/---

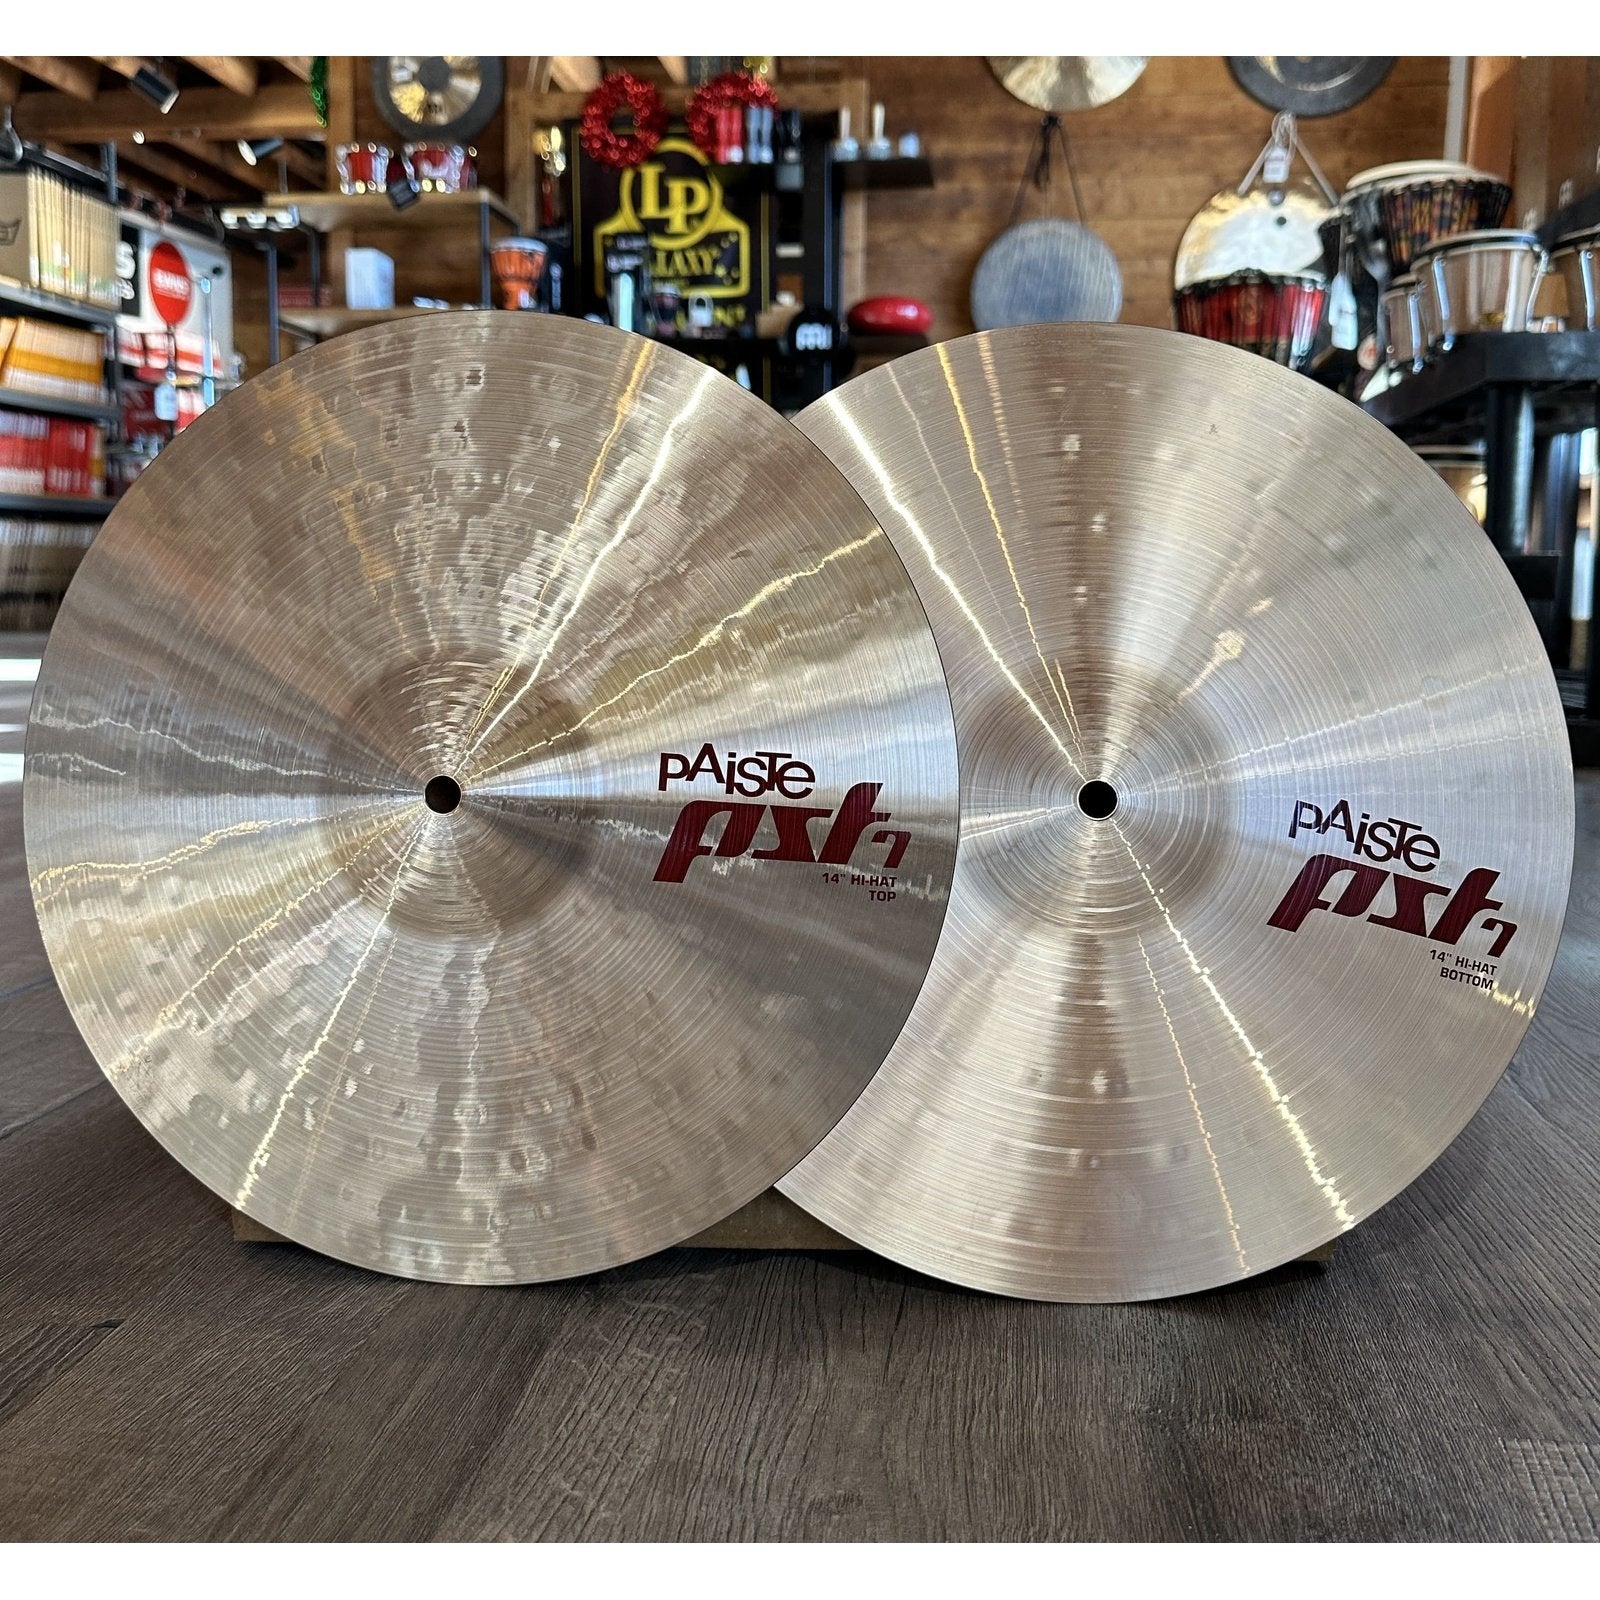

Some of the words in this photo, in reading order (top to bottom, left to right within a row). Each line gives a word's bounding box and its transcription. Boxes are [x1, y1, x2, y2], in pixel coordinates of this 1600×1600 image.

[638, 163, 711, 235] LP
[822, 872, 846, 884] 14"
[851, 874, 898, 888] HI-HAT
[868, 889, 897, 902] TOP
[1429, 949, 1452, 962] 14"
[1455, 955, 1498, 976] HI-HAT
[1440, 966, 1494, 990] BOTTOM
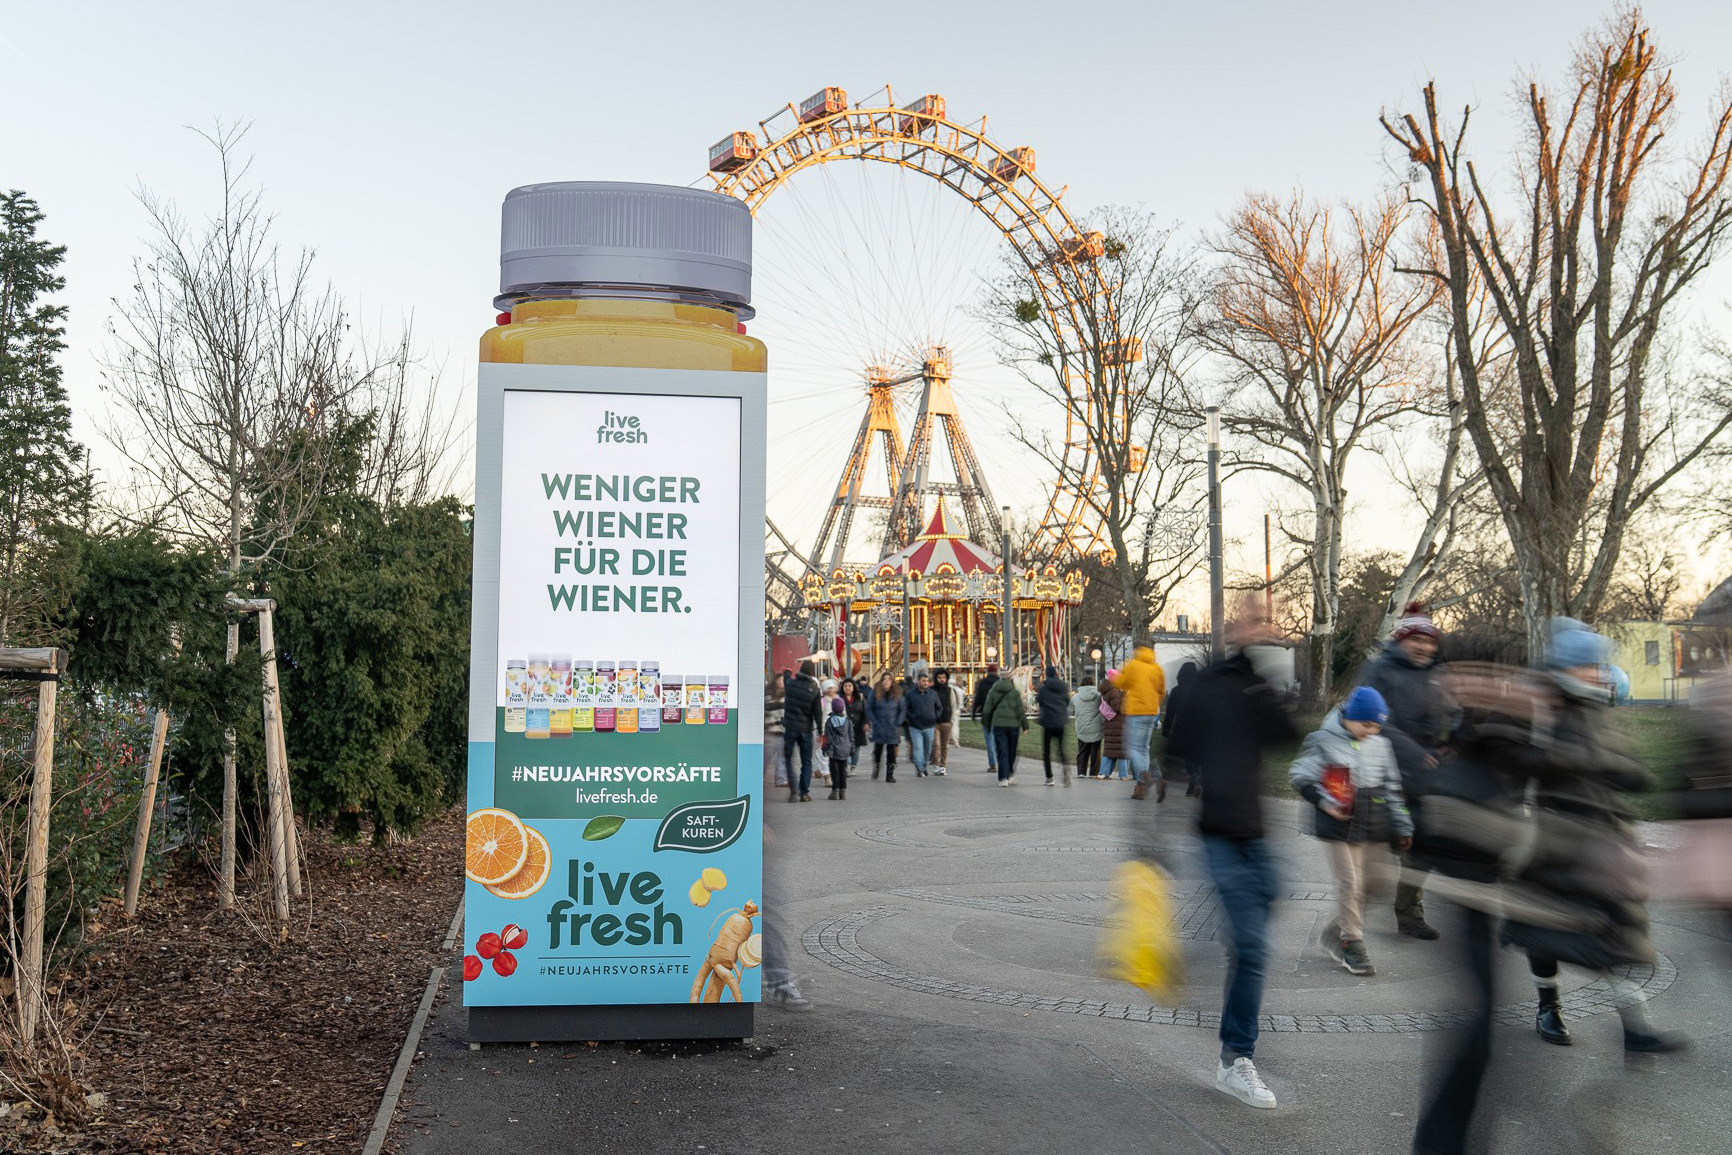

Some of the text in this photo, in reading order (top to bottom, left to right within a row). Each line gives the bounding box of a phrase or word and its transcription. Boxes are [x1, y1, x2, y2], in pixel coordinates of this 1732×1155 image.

[604, 410, 641, 429] live
[596, 425, 648, 444] fresh
[541, 473, 701, 503] WENIGER
[553, 510, 688, 540] WIENER
[554, 540, 687, 576] FÜR DIE
[547, 584, 692, 614] WIENER.
[511, 763, 721, 783] #NEUJAHRSVORSÄFTE
[576, 788, 658, 804] livefresh.de
[686, 815, 720, 826] SAFT-
[681, 828, 724, 839] KUREN
[568, 859, 664, 906] live
[547, 900, 683, 950] fresh
[539, 963, 690, 976] #NEUJAHRSVORSÄFTE

\---

• [TASK PROMPT]
Word for word, repeat the line holding "Some of the text" and all lines after it through the end of the entries above.

• [SOLVED PROBLEM]
Some of the text in this photo, in reading order (top to bottom, left to right within a row). Each line gives the bounding box of a phrase or word and its transcription. Boxes are [x1, y1, x2, y2], in pixel coordinates of this 1732×1155 image.

[604, 410, 641, 429] live
[596, 425, 648, 444] fresh
[541, 473, 701, 503] WENIGER
[553, 510, 688, 540] WIENER
[554, 540, 687, 576] FÜR DIE
[547, 584, 692, 614] WIENER.
[511, 763, 721, 783] #NEUJAHRSVORSÄFTE
[576, 788, 658, 804] livefresh.de
[686, 815, 720, 826] SAFT-
[681, 828, 724, 839] KUREN
[568, 859, 664, 906] live
[547, 900, 683, 950] fresh
[539, 963, 690, 976] #NEUJAHRSVORSÄFTE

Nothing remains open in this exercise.